Images for object localization
=-=-=-=-=

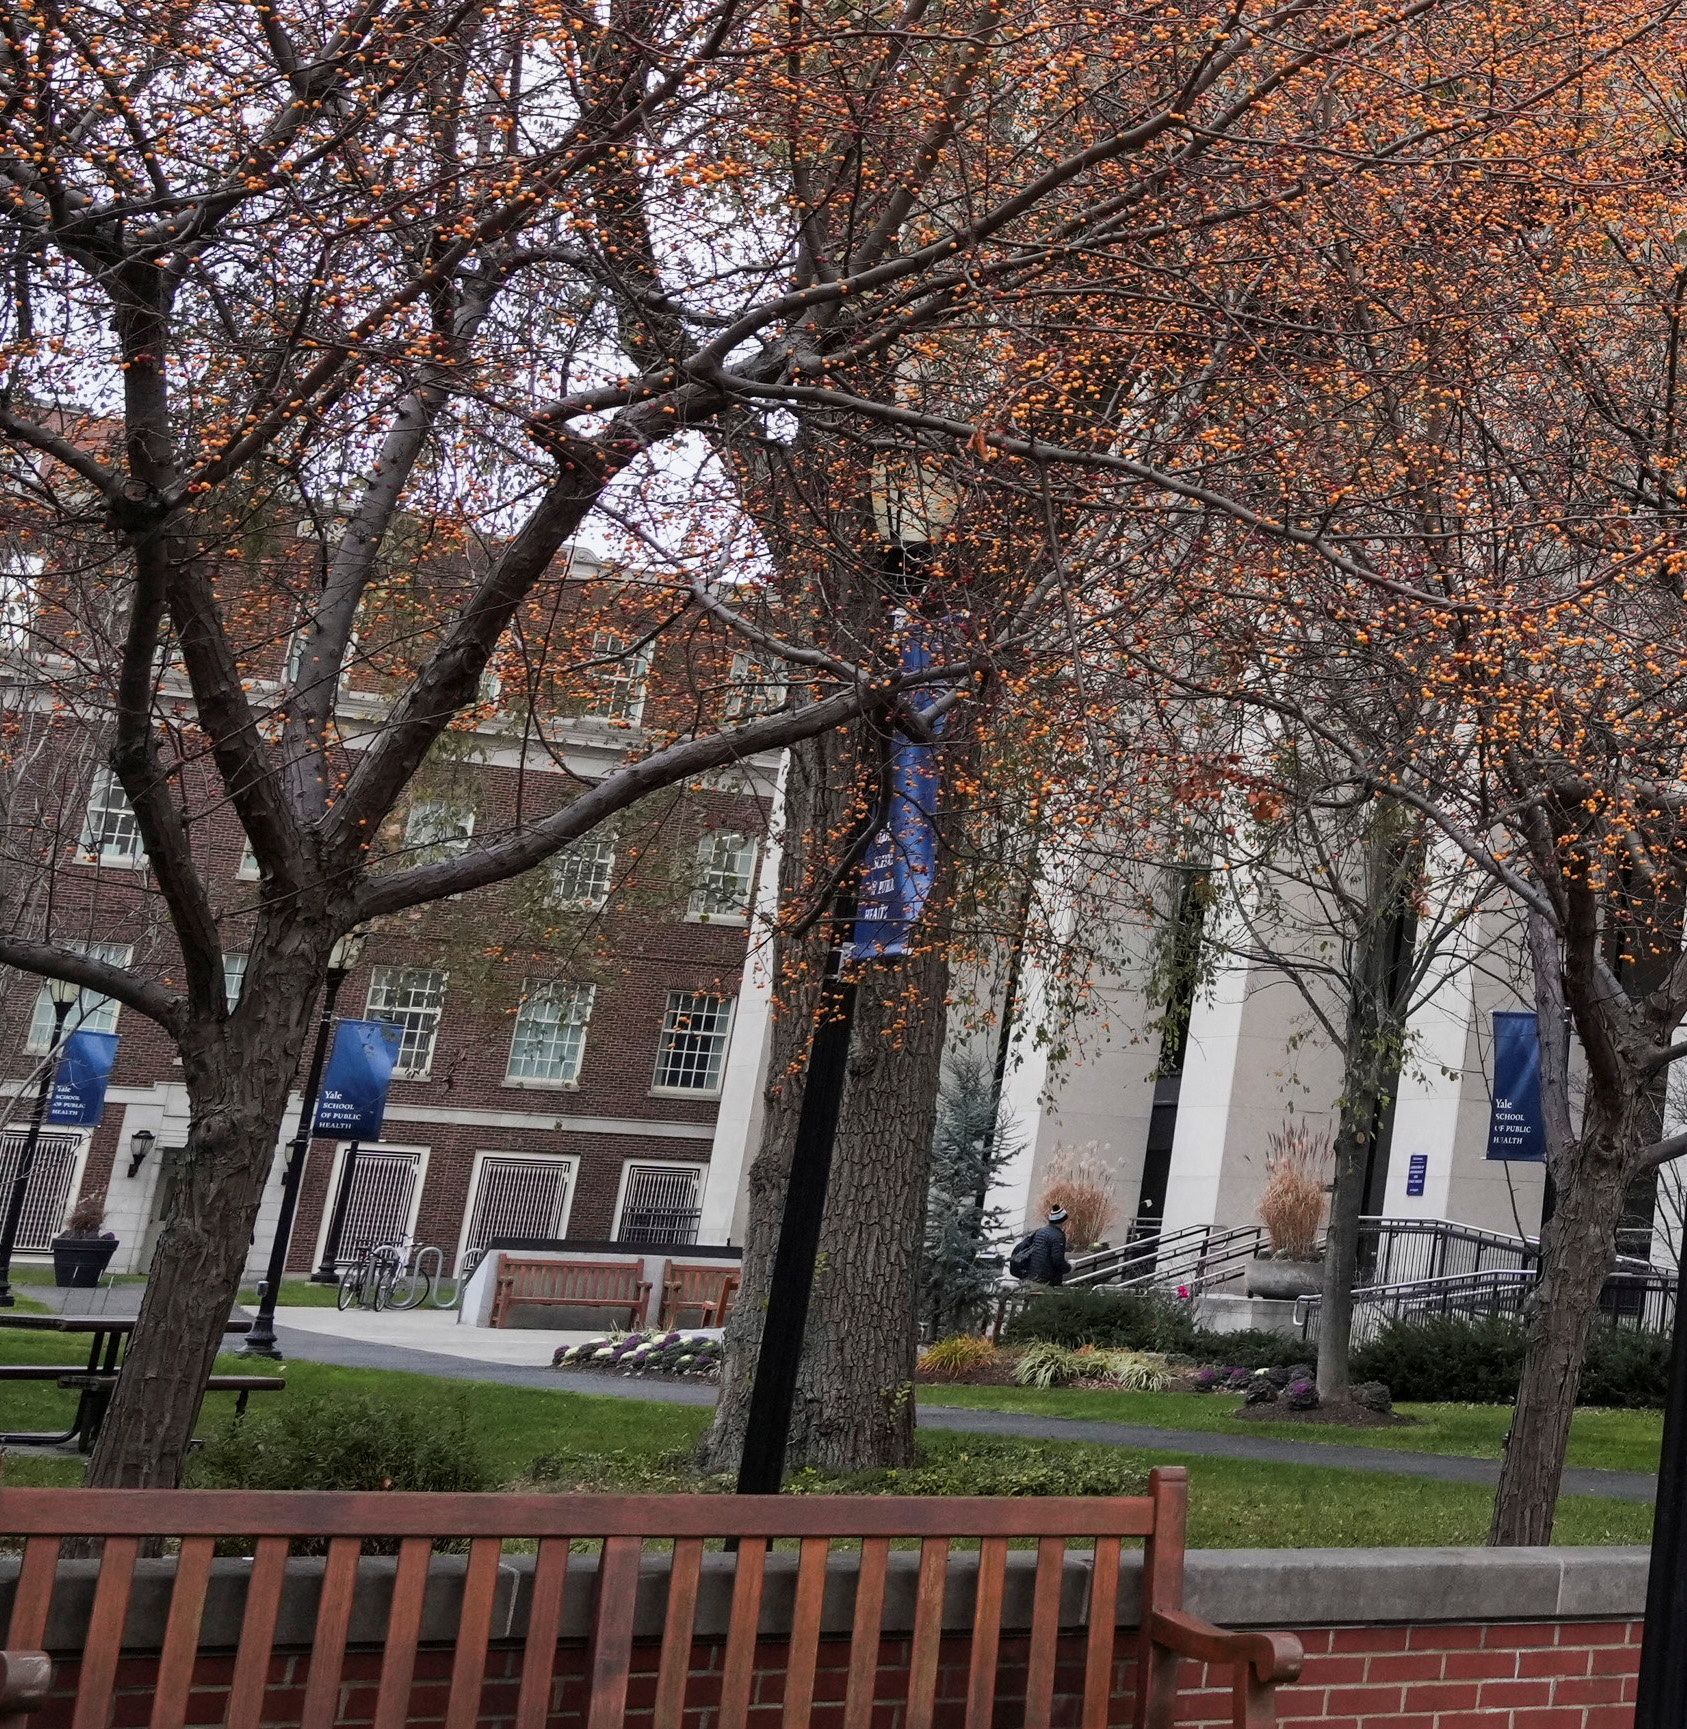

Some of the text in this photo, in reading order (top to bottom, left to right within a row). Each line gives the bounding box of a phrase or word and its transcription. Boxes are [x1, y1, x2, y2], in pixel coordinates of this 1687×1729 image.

[325, 1090, 343, 1100] Yale
[322, 1102, 355, 1110] SCHOOL
[1495, 1098, 1513, 1109] Yale
[332, 1112, 362, 1121] PUBLIC
[1495, 1113, 1525, 1121] SCHOOL
[1506, 1125, 1532, 1133] PUBLIC

=-=-=-=-=

* EXERCISE GOAL
What you return must match the data above exactly, with no images included.

* ANSWER BOX
Some of the text in this photo, in reading order (top to bottom, left to right within a row). Each line gives the bounding box of a phrase or word and its transcription. Boxes are [x1, y1, x2, y2], in pixel coordinates of this 1687×1729 image.

[325, 1090, 343, 1100] Yale
[322, 1102, 355, 1110] SCHOOL
[1495, 1098, 1513, 1109] Yale
[332, 1112, 362, 1121] PUBLIC
[1495, 1113, 1525, 1121] SCHOOL
[1506, 1125, 1532, 1133] PUBLIC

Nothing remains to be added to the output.